A confident pairing of Torres and Drogba in unison, with the Spaniard's pace ahead of the powerful Ivorian, is an exciting prospect for Chelsea fans. Whether Ancelotti is there to oversee it next season remains to be seen, but a notable point is that Roman Abramovich-favourite Guus Hiddink is a champion of the 4-4-2 and may well get a chance to see it come to full fruition (after a six month spell in 2009) if the axe falls on the Italian.

Of course the argument for the 4-4-2 is something that could have implications into next season's title challenge. Arsenal's greatest successes in recent years came with two wide players [Freddie Ljungberg and Robert Pires] and a withdrawn Dennis Bergkamp feeding a fast and agile striker, Thierry Henry. With many Gunners fans pining for the glory days pre-2006, Arsene Wenger could also benefit from a tactical change.

Like United, the emergence of one player has altered Arsenal's shape. Jack Wilshere's ability to sit deep and break with pace alongside the more defensive-minded Alex Song has allowed Wenger to use Cesc Fabregas in a more attacking position behind Robin van Persie. The problem for Arsenal is that Fabregas is probably best suited a little deeper - as his great form alongside Mathieu Flamini at the start of the 2007-08 season showed - he is able to control the tempo of the game more from that position.

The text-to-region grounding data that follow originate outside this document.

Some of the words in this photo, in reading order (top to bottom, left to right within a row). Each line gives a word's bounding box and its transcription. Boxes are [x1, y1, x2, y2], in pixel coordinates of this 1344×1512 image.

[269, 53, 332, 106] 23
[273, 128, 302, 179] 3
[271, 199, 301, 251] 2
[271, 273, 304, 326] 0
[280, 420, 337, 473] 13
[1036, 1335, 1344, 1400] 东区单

With more responsibility for attacking forays, Fabregas has struggled this season and Arsenal's moves have often broken down in front of the defence, with Van Persie's back to goal and no-one there to run in behind to give the opposition something else to think about.

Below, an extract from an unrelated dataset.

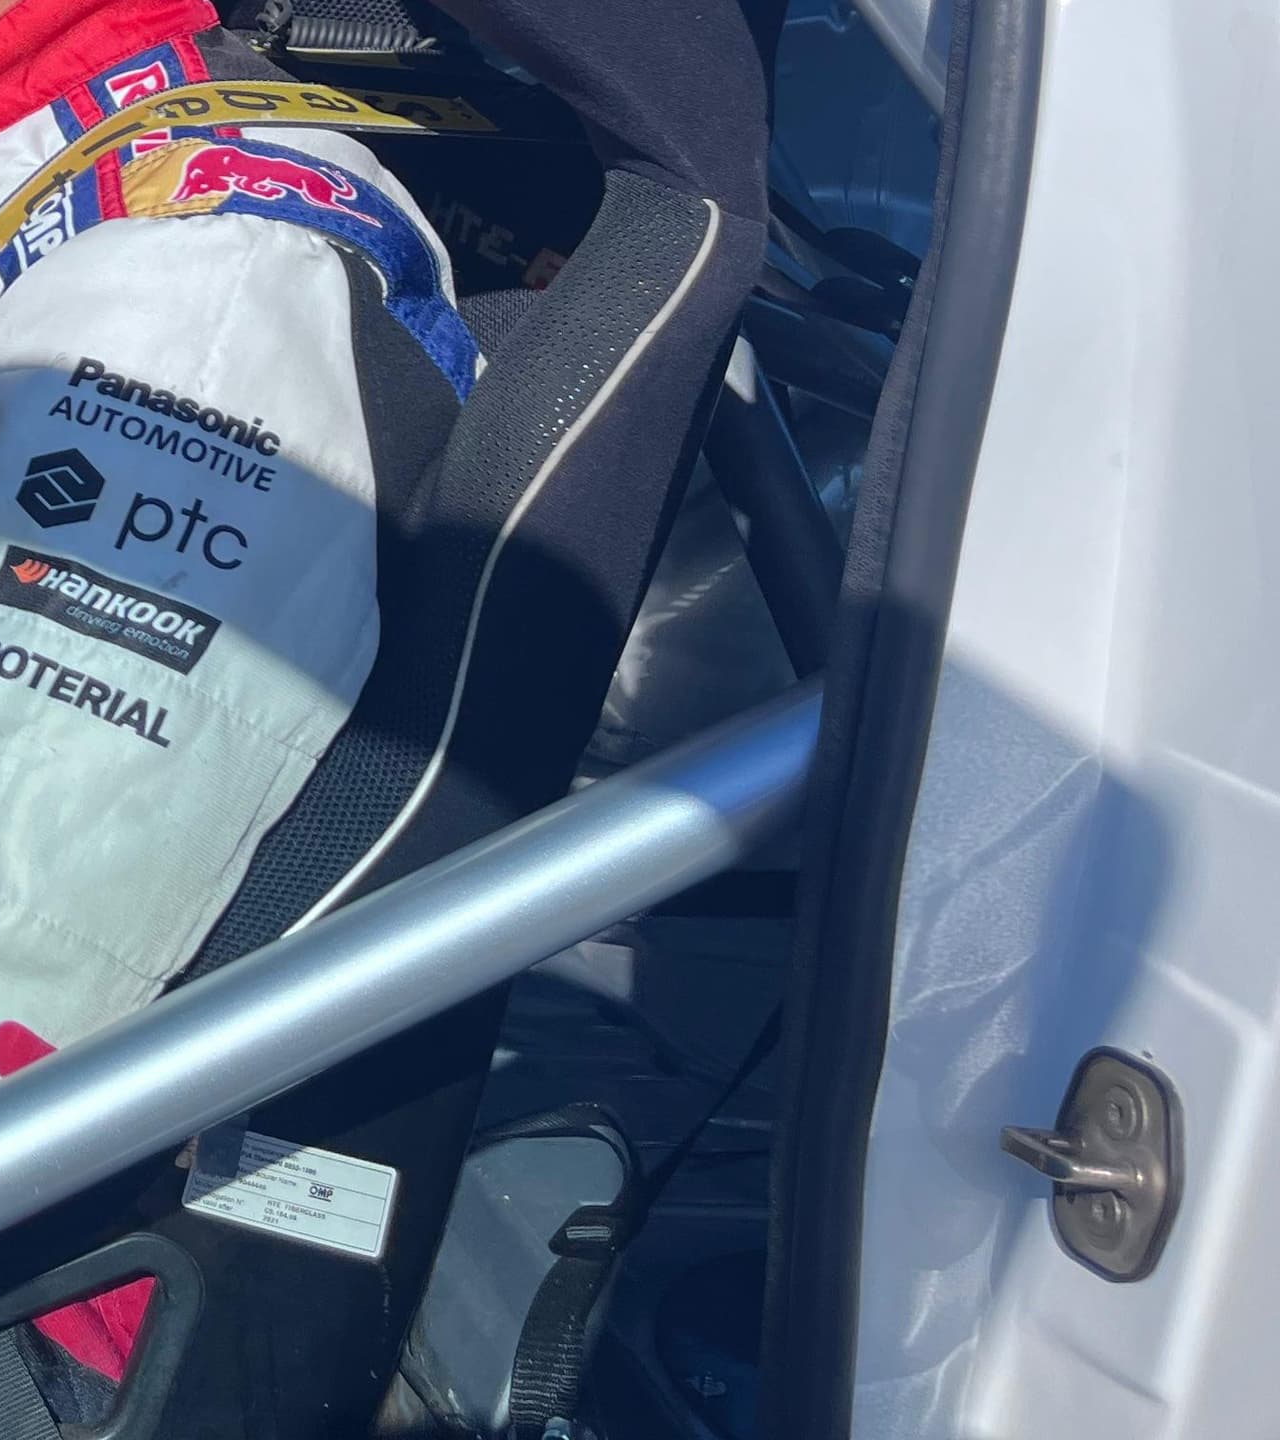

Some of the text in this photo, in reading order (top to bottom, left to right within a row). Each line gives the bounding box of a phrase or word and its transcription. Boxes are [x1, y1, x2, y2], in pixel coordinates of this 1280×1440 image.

With a readymade Bergkamp replacement, in Dutchman Van Persie; and a similar style of player to Henry, in Theo Walcott; Wenger has the tools at his disposal should he wish to alter the setup of his side. The one question that such a change brings [Where does Fabregas fit in?] could well be answered by Barcelona in the summer.

But Arsenal are not the only team who may benefit from a switch to 4-4-2 next season. Liverpool signed £57 million worth of striking talent in Andy Carroll and Luis Suarez in January and a hint to their future formation under Kenny Dalglish came in the 1-1 draw with Arsenal. With Suarez playing off Carroll and Dirk Kuyt and Raul Meireles shunted into wide areas alongside Jay Spearing and Lucas in the centre, it is easy to see how a few personal changes could put them back into contention for the top spots.

With the returning Steven Gerrard and Meireles moved into a more comfortable central role, the purchase of a top left-winger could open things up and Liverpool would even have the luxury of shifting the workaholic Kuyt into the withdrawn striker role to help track back when not in possession. Dalglish has found favour with the formation for his clubs in the past and few would argue that he would be able to get the best out of his players should he choose to bring it back to Anfield again.

The ever changing squad of Manchester City, too, could see the best of Edin Dzeko with Carlos Tevez (should he still be at the club) or Mario Balotelli (likewise) behind him as his partner, although manager Roberto Mancini is less likely to experiment with his formation as he prefers the stability of the central three midfielders after a rather embarrassing attempt at 4-4-2 in a 3-2 win over Blackpool in October.

Still, the chasing pack were among the first to change when Mourinho's Chelsea champions introduced a new wave of tactical thinking in 2005. Six years on, it may be the next Premier League champions who dip into the past to lead the continuing evolution of 4-4-2.